What to work on →
Hand back each record exactly as you find it.

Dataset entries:

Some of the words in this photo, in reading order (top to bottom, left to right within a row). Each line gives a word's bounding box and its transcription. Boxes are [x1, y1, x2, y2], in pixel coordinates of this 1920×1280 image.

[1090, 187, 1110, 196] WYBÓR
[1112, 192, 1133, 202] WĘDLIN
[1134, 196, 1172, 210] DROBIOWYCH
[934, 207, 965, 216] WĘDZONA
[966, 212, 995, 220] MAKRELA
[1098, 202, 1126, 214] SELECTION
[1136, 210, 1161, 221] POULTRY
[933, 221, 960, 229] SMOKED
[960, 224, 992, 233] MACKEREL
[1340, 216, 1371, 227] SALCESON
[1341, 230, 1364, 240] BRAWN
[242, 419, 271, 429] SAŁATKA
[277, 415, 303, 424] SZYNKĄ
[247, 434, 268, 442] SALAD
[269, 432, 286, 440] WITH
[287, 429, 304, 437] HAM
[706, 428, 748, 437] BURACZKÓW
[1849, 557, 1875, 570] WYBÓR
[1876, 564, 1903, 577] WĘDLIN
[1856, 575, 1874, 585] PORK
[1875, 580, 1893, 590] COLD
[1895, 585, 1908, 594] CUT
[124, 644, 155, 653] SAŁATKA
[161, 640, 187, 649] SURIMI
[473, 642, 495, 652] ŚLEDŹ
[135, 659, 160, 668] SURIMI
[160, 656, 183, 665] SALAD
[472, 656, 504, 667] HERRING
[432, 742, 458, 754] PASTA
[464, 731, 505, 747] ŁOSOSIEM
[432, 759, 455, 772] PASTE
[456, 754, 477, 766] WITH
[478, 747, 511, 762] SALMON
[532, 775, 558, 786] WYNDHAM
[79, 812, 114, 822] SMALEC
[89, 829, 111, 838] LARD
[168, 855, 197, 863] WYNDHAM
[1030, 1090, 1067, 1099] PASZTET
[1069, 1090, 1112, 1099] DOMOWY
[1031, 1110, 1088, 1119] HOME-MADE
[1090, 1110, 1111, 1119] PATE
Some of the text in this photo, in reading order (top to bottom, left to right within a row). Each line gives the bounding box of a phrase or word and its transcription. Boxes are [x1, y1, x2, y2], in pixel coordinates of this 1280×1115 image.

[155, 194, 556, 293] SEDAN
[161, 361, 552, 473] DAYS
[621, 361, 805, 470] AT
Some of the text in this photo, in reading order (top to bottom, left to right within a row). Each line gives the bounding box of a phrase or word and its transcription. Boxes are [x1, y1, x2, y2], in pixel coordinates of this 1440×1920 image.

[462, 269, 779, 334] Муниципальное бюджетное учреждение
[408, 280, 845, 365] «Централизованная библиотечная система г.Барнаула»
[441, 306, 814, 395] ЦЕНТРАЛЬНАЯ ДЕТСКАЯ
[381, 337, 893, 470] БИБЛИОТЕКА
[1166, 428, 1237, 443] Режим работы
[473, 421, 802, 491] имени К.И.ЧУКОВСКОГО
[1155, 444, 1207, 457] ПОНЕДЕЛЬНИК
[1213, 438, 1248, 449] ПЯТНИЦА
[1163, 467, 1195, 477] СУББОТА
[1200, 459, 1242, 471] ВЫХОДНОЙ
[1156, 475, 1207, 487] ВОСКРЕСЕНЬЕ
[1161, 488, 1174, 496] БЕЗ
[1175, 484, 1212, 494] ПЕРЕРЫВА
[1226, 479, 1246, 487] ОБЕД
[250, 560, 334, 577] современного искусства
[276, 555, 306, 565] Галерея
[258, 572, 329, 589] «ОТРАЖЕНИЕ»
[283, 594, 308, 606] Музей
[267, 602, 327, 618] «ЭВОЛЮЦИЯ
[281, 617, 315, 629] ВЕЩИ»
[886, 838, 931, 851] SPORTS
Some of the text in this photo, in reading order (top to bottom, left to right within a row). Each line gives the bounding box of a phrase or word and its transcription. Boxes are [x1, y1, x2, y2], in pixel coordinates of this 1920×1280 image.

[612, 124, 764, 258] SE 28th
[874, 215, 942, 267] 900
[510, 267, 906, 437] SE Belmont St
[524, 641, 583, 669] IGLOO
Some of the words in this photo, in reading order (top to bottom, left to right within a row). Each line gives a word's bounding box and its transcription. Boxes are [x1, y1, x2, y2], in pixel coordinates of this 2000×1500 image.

Answer to this problem →
Some of the words in this photo, in reading order (top to bottom, left to right within a row). Each line gives a word's bounding box and its transcription. Boxes are [x1, y1, x2, y2], in pixel coordinates of this 1920×1280 image.

[1090, 187, 1110, 196] WYBÓR
[1112, 192, 1133, 202] WĘDLIN
[1134, 196, 1172, 210] DROBIOWYCH
[934, 207, 965, 216] WĘDZONA
[966, 212, 995, 220] MAKRELA
[1098, 202, 1126, 214] SELECTION
[1136, 210, 1161, 221] POULTRY
[933, 221, 960, 229] SMOKED
[960, 224, 992, 233] MACKEREL
[1340, 216, 1371, 227] SALCESON
[1341, 230, 1364, 240] BRAWN
[242, 419, 271, 429] SAŁATKA
[277, 415, 303, 424] SZYNKĄ
[247, 434, 268, 442] SALAD
[269, 432, 286, 440] WITH
[287, 429, 304, 437] HAM
[706, 428, 748, 437] BURACZKÓW
[1849, 557, 1875, 570] WYBÓR
[1876, 564, 1903, 577] WĘDLIN
[1856, 575, 1874, 585] PORK
[1875, 580, 1893, 590] COLD
[1895, 585, 1908, 594] CUT
[124, 644, 155, 653] SAŁATKA
[161, 640, 187, 649] SURIMI
[473, 642, 495, 652] ŚLEDŹ
[135, 659, 160, 668] SURIMI
[160, 656, 183, 665] SALAD
[472, 656, 504, 667] HERRING
[432, 742, 458, 754] PASTA
[464, 731, 505, 747] ŁOSOSIEM
[432, 759, 455, 772] PASTE
[456, 754, 477, 766] WITH
[478, 747, 511, 762] SALMON
[532, 775, 558, 786] WYNDHAM
[79, 812, 114, 822] SMALEC
[89, 829, 111, 838] LARD
[168, 855, 197, 863] WYNDHAM
[1030, 1090, 1067, 1099] PASZTET
[1069, 1090, 1112, 1099] DOMOWY
[1031, 1110, 1088, 1119] HOME-MADE
[1090, 1110, 1111, 1119] PATE
Some of the text in this photo, in reading order (top to bottom, left to right within a row). Each line gives the bounding box of a phrase or word and its transcription. Boxes are [x1, y1, x2, y2], in pixel coordinates of this 1280×1115 image.

[155, 194, 556, 293] SEDAN
[161, 361, 552, 473] DAYS
[621, 361, 805, 470] AT
Some of the text in this photo, in reading order (top to bottom, left to right within a row). Each line gives the bounding box of a phrase or word and its transcription. Boxes are [x1, y1, x2, y2], in pixel coordinates of this 1440×1920 image.

[462, 269, 779, 334] Муниципальное бюджетное учреждение
[408, 280, 845, 365] «Централизованная библиотечная система г.Барнаула»
[441, 306, 814, 395] ЦЕНТРАЛЬНАЯ ДЕТСКАЯ
[381, 337, 893, 470] БИБЛИОТЕКА
[1166, 428, 1237, 443] Режим работы
[473, 421, 802, 491] имени К.И.ЧУКОВСКОГО
[1155, 444, 1207, 457] ПОНЕДЕЛЬНИК
[1213, 438, 1248, 449] ПЯТНИЦА
[1163, 467, 1195, 477] СУББОТА
[1200, 459, 1242, 471] ВЫХОДНОЙ
[1156, 475, 1207, 487] ВОСКРЕСЕНЬЕ
[1161, 488, 1174, 496] БЕЗ
[1175, 484, 1212, 494] ПЕРЕРЫВА
[1226, 479, 1246, 487] ОБЕД
[250, 560, 334, 577] современного искусства
[276, 555, 306, 565] Галерея
[258, 572, 329, 589] «ОТРАЖЕНИЕ»
[283, 594, 308, 606] Музей
[267, 602, 327, 618] «ЭВОЛЮЦИЯ
[281, 617, 315, 629] ВЕЩИ»
[886, 838, 931, 851] SPORTS
Some of the text in this photo, in reading order (top to bottom, left to right within a row). Each line gives the bounding box of a phrase or word and its transcription. Boxes are [x1, y1, x2, y2], in pixel coordinates of this 1920×1280 image.

[612, 124, 764, 258] SE 28th
[874, 215, 942, 267] 900
[510, 267, 906, 437] SE Belmont St
[524, 641, 583, 669] IGLOO
Some of the words in this photo, in reading order (top to bottom, left to right within a row). Each line gives a word's bounding box and its transcription. Boxes are [x1, y1, x2, y2], in pixel coordinates of this 2000×1500 image.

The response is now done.